I’m not sure what the Defendant would have done differently. There’s . . . a vague allegation that this might have affected his decision whether to testify on his behalf or not, but nothing more specific than that. . . . I don’t see that the Defendant is prejudiced.

He’s not been able to . . . point to any particular investigation he might have conducted, had he known that these -- this was the date range the State was alleging earlier, and he’s not requesting time to conduct any additional investigation or to decide further whether he wishes to testify on his behalf.

The superior court’s ruling is supported by the record.

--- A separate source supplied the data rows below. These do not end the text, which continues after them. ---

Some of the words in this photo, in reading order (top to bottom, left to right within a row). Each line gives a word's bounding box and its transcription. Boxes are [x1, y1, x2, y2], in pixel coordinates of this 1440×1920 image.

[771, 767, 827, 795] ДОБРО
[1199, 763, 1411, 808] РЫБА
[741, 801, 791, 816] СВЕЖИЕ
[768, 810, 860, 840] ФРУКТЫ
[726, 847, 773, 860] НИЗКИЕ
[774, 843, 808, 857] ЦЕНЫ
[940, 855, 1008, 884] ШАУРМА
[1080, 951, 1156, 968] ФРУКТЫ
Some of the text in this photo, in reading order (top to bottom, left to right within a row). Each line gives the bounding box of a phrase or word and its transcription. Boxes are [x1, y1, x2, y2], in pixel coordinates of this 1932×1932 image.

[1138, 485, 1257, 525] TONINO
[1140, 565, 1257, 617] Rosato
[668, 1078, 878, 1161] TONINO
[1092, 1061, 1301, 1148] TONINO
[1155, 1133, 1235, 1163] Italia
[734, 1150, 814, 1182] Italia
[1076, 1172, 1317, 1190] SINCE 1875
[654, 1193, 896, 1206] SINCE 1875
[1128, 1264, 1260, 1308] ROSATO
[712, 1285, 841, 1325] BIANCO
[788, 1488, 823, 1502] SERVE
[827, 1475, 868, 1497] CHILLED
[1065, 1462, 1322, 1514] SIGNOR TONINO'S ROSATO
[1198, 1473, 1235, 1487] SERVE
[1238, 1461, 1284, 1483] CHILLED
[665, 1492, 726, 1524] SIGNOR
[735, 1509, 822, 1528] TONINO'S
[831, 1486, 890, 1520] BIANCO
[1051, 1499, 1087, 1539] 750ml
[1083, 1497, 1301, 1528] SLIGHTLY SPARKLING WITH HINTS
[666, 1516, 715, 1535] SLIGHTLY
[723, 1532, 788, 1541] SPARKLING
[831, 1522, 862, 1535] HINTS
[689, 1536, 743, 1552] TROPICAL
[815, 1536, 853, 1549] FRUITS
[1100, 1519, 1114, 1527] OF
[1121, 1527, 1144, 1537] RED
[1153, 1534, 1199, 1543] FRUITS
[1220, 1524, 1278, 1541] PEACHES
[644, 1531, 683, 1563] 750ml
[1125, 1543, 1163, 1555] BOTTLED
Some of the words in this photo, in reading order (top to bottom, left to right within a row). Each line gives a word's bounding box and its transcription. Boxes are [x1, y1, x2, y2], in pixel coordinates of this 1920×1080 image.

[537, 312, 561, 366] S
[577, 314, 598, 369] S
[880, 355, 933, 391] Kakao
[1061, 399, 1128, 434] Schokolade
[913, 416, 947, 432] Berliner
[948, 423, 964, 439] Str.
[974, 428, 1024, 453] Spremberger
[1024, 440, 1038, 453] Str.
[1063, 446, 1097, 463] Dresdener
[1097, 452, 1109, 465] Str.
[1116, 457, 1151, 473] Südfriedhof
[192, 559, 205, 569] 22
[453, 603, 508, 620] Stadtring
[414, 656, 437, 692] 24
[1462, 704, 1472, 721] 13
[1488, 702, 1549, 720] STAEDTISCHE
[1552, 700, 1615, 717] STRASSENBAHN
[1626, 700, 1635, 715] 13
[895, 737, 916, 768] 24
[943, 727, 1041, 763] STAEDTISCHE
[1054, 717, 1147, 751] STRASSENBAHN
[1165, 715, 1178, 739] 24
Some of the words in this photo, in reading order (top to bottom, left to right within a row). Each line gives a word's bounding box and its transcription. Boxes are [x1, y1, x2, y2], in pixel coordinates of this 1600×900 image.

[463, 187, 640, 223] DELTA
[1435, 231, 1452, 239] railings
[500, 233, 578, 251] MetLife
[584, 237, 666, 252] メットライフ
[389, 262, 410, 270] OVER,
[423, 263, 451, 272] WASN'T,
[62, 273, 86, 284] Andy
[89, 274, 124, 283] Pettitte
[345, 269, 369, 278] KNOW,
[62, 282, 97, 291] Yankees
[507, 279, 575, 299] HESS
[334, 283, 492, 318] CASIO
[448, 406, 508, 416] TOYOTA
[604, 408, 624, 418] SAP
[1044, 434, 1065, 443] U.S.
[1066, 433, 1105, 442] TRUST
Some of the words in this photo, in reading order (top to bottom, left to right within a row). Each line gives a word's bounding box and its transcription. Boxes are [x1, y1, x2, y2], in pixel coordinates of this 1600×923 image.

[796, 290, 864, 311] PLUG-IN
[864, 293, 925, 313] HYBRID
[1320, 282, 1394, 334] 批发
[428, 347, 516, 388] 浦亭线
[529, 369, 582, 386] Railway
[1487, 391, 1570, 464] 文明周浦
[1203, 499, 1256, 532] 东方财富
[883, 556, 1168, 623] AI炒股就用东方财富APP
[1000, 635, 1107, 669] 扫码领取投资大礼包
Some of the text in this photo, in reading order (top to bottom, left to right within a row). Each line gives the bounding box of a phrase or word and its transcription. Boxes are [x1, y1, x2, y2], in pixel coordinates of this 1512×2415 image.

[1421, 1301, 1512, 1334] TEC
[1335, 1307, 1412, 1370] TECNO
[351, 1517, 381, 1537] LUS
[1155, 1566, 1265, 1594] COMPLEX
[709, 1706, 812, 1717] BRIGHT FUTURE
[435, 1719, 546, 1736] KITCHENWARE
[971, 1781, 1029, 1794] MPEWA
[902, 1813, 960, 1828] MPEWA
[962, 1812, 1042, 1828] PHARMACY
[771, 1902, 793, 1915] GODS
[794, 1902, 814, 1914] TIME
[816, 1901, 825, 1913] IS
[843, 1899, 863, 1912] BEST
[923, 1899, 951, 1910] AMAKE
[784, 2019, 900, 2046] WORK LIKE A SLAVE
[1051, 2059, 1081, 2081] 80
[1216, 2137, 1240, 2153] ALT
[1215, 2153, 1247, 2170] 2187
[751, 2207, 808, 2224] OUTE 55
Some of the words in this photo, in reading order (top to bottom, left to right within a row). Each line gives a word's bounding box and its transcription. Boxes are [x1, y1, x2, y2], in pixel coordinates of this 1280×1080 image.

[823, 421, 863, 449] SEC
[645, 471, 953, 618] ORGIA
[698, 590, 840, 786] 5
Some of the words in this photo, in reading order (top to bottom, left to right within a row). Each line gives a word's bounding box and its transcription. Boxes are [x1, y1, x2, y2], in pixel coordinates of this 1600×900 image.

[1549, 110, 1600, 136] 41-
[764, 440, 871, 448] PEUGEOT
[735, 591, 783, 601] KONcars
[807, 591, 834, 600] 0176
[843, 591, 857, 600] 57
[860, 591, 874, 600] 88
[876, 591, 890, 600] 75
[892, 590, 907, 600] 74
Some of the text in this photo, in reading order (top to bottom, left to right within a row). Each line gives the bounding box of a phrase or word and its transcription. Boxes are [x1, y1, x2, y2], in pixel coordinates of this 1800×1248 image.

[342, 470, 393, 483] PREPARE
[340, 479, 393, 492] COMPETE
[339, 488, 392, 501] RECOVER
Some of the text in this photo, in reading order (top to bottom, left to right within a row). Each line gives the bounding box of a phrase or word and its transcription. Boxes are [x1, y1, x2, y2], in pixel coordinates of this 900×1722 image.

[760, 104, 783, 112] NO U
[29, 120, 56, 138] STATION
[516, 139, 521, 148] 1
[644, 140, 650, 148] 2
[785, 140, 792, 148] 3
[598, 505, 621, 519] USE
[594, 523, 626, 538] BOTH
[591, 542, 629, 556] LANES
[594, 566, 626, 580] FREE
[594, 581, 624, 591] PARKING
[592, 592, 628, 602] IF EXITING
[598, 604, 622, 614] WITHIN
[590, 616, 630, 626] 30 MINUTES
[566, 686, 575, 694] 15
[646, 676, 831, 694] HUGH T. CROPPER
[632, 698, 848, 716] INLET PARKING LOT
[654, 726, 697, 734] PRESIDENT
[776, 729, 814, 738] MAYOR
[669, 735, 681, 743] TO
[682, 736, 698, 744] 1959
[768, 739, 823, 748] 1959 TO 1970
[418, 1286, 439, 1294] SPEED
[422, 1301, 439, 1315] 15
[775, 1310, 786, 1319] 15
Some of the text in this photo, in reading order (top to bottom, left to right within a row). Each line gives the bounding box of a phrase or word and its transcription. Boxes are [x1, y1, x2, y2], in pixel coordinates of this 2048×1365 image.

¶8 Defendant’s reliance on State v. Johnson, 198 Ariz. 245 (App. 2000), and State v. Mikels, 119 Ariz. 561 (App. 1978), is unavailing. In Johnson, the defendant was convicted of sexual conduct with a minor based on the victim’s trial testimony that he penetrated her vagina with his penis. Johnson, 198 Ariz. at 246–47, ¶¶ 1–3. Because the indictment had alleged digital penetration, the State moved to amend the charge to conform to the victim’s testimony. Id. at 247, ¶ 3. The superior court granted the motion. Id. On appeal, this Court reversed, holding that Johnson lacked sufficient opportunity to defend against the amended count because “the acts

3 Indeed, the amended date range for count 3 meant that Defendant was subject to a presumptive 20-year sentence, rather than the mandatory life sentence required if the victim had been 12 or younger, as the date range initially charged reflected. See A.R.S. §§ 13-705(A), (C).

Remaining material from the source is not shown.